**** RECORDED DATA ****

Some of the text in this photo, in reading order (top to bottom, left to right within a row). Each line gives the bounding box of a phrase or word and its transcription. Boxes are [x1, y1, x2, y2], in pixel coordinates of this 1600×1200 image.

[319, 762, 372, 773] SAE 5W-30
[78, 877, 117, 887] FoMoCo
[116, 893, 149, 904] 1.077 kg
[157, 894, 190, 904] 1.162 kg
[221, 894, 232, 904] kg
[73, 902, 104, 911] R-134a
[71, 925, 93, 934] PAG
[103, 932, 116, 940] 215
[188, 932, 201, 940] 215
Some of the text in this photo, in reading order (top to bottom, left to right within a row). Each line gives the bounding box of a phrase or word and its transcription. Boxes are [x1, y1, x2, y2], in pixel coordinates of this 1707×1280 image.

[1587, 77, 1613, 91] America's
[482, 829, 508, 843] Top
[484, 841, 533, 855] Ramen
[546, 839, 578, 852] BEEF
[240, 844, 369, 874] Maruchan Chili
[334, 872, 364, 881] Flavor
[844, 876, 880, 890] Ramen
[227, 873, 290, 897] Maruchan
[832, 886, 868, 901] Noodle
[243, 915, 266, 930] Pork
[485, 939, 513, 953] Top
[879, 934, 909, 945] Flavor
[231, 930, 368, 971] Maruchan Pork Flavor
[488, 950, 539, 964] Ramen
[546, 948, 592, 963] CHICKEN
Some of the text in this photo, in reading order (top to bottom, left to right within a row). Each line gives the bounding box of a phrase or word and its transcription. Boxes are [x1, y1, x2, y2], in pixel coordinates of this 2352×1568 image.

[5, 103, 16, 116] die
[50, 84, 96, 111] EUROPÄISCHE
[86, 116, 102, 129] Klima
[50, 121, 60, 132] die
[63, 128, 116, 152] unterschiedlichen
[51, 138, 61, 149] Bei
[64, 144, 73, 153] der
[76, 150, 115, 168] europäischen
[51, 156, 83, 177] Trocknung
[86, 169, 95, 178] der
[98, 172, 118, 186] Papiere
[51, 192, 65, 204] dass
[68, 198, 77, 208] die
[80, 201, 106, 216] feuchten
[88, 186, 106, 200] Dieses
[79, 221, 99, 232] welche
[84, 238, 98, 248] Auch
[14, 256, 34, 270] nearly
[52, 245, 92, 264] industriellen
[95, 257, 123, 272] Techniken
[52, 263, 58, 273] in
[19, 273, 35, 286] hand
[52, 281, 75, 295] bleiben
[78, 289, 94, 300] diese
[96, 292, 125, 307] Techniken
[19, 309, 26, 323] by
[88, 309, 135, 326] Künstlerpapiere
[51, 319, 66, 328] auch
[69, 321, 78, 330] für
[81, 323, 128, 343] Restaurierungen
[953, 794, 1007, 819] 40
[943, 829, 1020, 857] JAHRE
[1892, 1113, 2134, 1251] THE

****

**TASK GOAL:** Set out the records again, exactly as they appear above.

**OUTPUT BELOW:**
Some of the text in this photo, in reading order (top to bottom, left to right within a row). Each line gives the bounding box of a phrase or word and its transcription. Boxes are [x1, y1, x2, y2], in pixel coordinates of this 1600×1200 image.

[319, 762, 372, 773] SAE 5W-30
[78, 877, 117, 887] FoMoCo
[116, 893, 149, 904] 1.077 kg
[157, 894, 190, 904] 1.162 kg
[221, 894, 232, 904] kg
[73, 902, 104, 911] R-134a
[71, 925, 93, 934] PAG
[103, 932, 116, 940] 215
[188, 932, 201, 940] 215
Some of the text in this photo, in reading order (top to bottom, left to right within a row). Each line gives the bounding box of a phrase or word and its transcription. Boxes are [x1, y1, x2, y2], in pixel coordinates of this 1707×1280 image.

[1587, 77, 1613, 91] America's
[482, 829, 508, 843] Top
[484, 841, 533, 855] Ramen
[546, 839, 578, 852] BEEF
[240, 844, 369, 874] Maruchan Chili
[334, 872, 364, 881] Flavor
[844, 876, 880, 890] Ramen
[227, 873, 290, 897] Maruchan
[832, 886, 868, 901] Noodle
[243, 915, 266, 930] Pork
[485, 939, 513, 953] Top
[879, 934, 909, 945] Flavor
[231, 930, 368, 971] Maruchan Pork Flavor
[488, 950, 539, 964] Ramen
[546, 948, 592, 963] CHICKEN
Some of the text in this photo, in reading order (top to bottom, left to right within a row). Each line gives the bounding box of a phrase or word and its transcription. Boxes are [x1, y1, x2, y2], in pixel coordinates of this 2352×1568 image.

[5, 103, 16, 116] die
[50, 84, 96, 111] EUROPÄISCHE
[86, 116, 102, 129] Klima
[50, 121, 60, 132] die
[63, 128, 116, 152] unterschiedlichen
[51, 138, 61, 149] Bei
[64, 144, 73, 153] der
[76, 150, 115, 168] europäischen
[51, 156, 83, 177] Trocknung
[86, 169, 95, 178] der
[98, 172, 118, 186] Papiere
[51, 192, 65, 204] dass
[68, 198, 77, 208] die
[80, 201, 106, 216] feuchten
[88, 186, 106, 200] Dieses
[79, 221, 99, 232] welche
[84, 238, 98, 248] Auch
[14, 256, 34, 270] nearly
[52, 245, 92, 264] industriellen
[95, 257, 123, 272] Techniken
[52, 263, 58, 273] in
[19, 273, 35, 286] hand
[52, 281, 75, 295] bleiben
[78, 289, 94, 300] diese
[96, 292, 125, 307] Techniken
[19, 309, 26, 323] by
[88, 309, 135, 326] Künstlerpapiere
[51, 319, 66, 328] auch
[69, 321, 78, 330] für
[81, 323, 128, 343] Restaurierungen
[953, 794, 1007, 819] 40
[943, 829, 1020, 857] JAHRE
[1892, 1113, 2134, 1251] THE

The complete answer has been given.